Forked from the Spring Security REST JWT LDAP repository which is coded with JAVA and has no internal LDAP server for testing purposes.

Uses an internal or a suitable external LDAP implementation. It also allows you to choose how to obtain a user role in LDAP:

• check for the presence of a user in available groups
• retrieve user memberof attribute

Requirements

• Kotlin 1.3 (jvm 1.8)
• Docker (in case you need an openldap container)

LDAP Settings

Change your settings inside application.yml if you need an external LDAP server. In this case you have to set:

• url parameter to external ldap url
• managerDn parameter to uid only string (without RDN, just username)

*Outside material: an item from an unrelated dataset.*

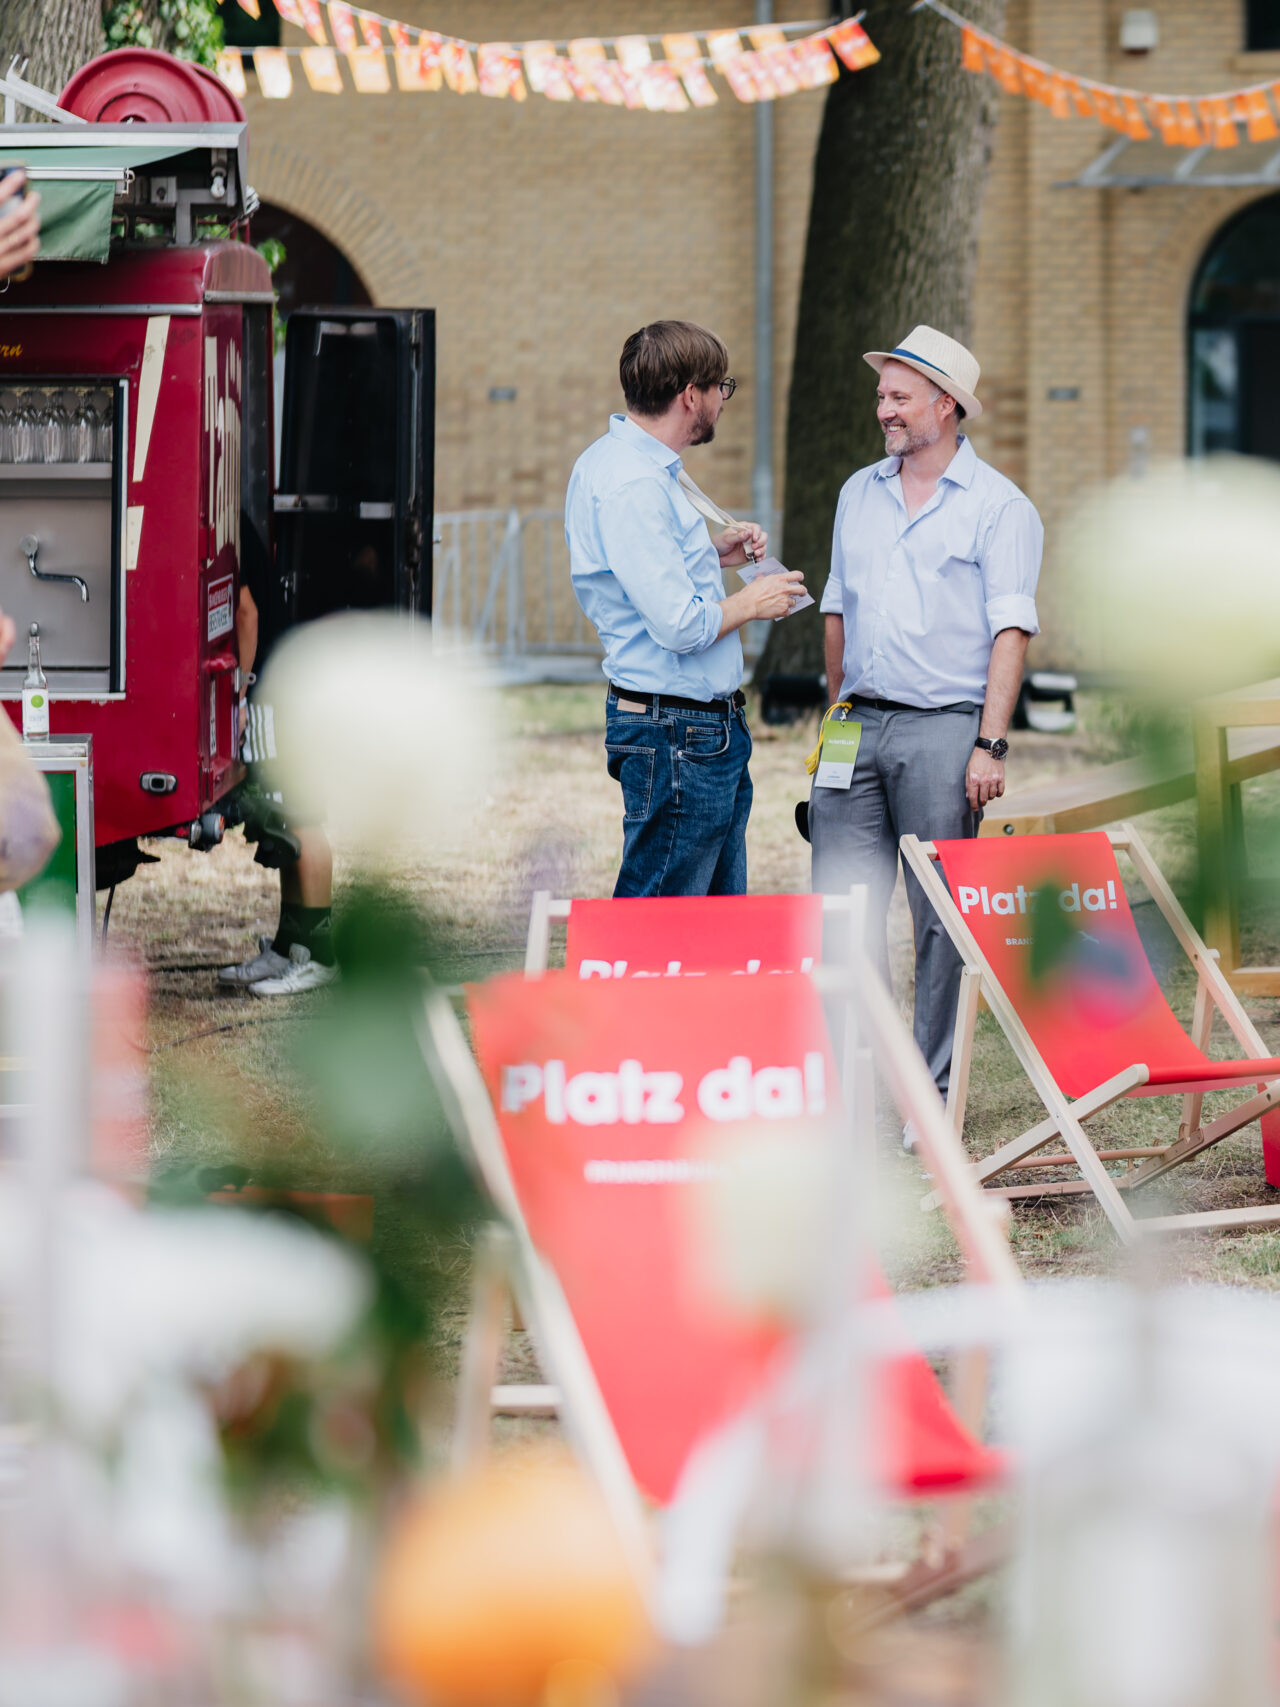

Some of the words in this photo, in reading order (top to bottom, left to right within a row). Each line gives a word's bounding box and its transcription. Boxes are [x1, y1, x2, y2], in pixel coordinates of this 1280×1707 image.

Also you can switch obtaining user groups mechanism with memberOfSearch, so

• false triggers default spring ldap group retrieving
• true triggers CustomLdapAuthoritiesPopulator, in this case groups retrieving from memberof attribute

Check your ldap server has memberof layer provider. Internal ubnoundid-ldap does not support this option

Usage examples

• GET request to restricted path with no JWT

# HTTP 401 Forbidden status is expected
curl http://localhost:8080/api/user?name=admin

response:

{"data":"","metadata":{"status":401},"errors":[{"code":401,"message":"Full authentication is required to access this resource","detail":""}]}

• Login with existing user creds (see test-server.ldif)

curl -i -H "Content-Type: application/json" -X POST -d '{
    "username": "ben",
    "password": "ben"
}' http://localhost:8080/api/auth

response:

{"token":"xxx.yyyy.zzz"}

• GET request to restricted path with valid JWT token

curl -H "Content-Type: application/json" \
-H "Authorization: Bearer ${token}" \
http://localhost:8080/api/user?name=admin

response:

{"name":"admin","role":"admin"}

License

This project is released under version 2.0 of the Apache License.